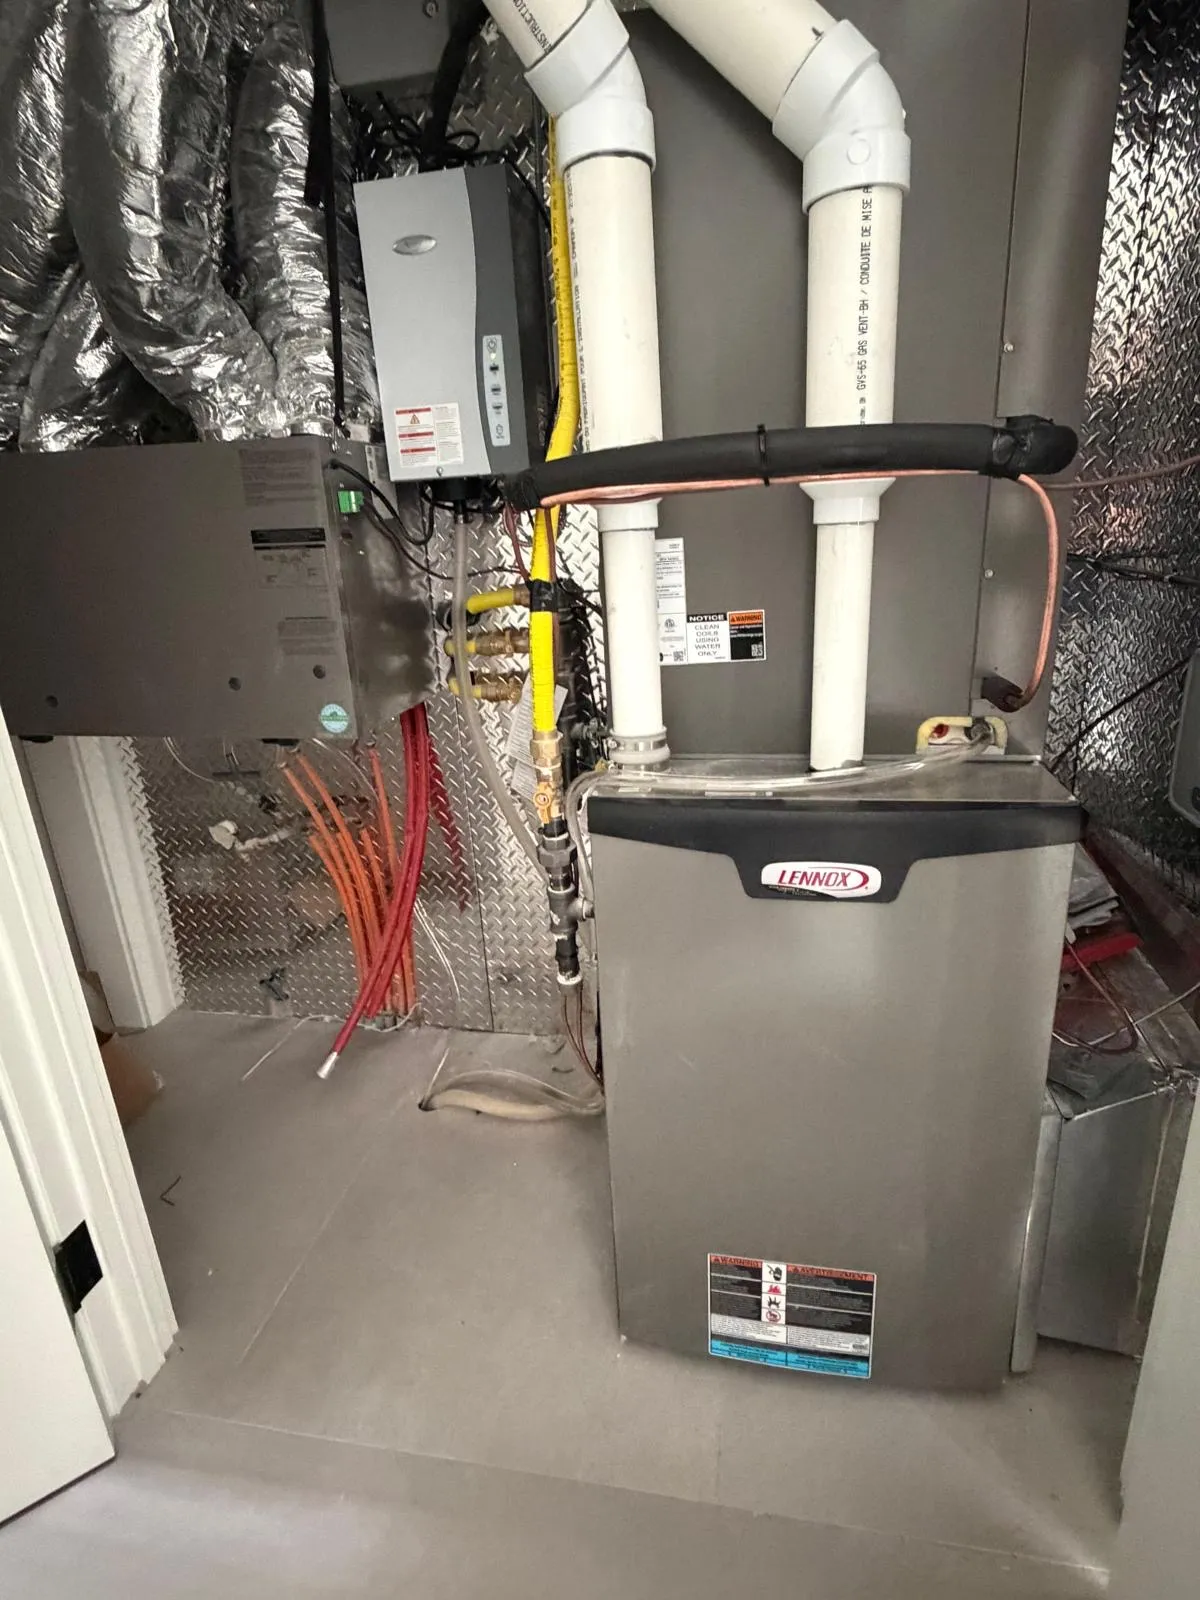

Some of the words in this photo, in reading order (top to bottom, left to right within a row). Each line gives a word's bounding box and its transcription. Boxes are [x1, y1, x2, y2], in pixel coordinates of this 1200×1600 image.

[513, 0, 552, 54] INSTRUCTIO
[861, 198, 873, 221] MISE
[861, 225, 872, 237] DE
[859, 240, 871, 285] CONDUITE
[858, 299, 869, 336] VENT-BH
[857, 339, 868, 356] GAS
[856, 359, 867, 391] GVS-65
[689, 614, 724, 622] NOTICE
[777, 870, 852, 887] LENNOX
[720, 1256, 761, 1269] WARNING

^^^^^^^^^^^^^^^^

- EXERCISE DESCRIPTION
Above are the records; copy every one of them exactly and omit the images.

- OUTPUT FOR THIS TASK
Some of the words in this photo, in reading order (top to bottom, left to right within a row). Each line gives a word's bounding box and its transcription. Boxes are [x1, y1, x2, y2], in pixel coordinates of this 1200×1600 image.

[513, 0, 552, 54] INSTRUCTIO
[861, 198, 873, 221] MISE
[861, 225, 872, 237] DE
[859, 240, 871, 285] CONDUITE
[858, 299, 869, 336] VENT-BH
[857, 339, 868, 356] GAS
[856, 359, 867, 391] GVS-65
[689, 614, 724, 622] NOTICE
[777, 870, 852, 887] LENNOX
[720, 1256, 761, 1269] WARNING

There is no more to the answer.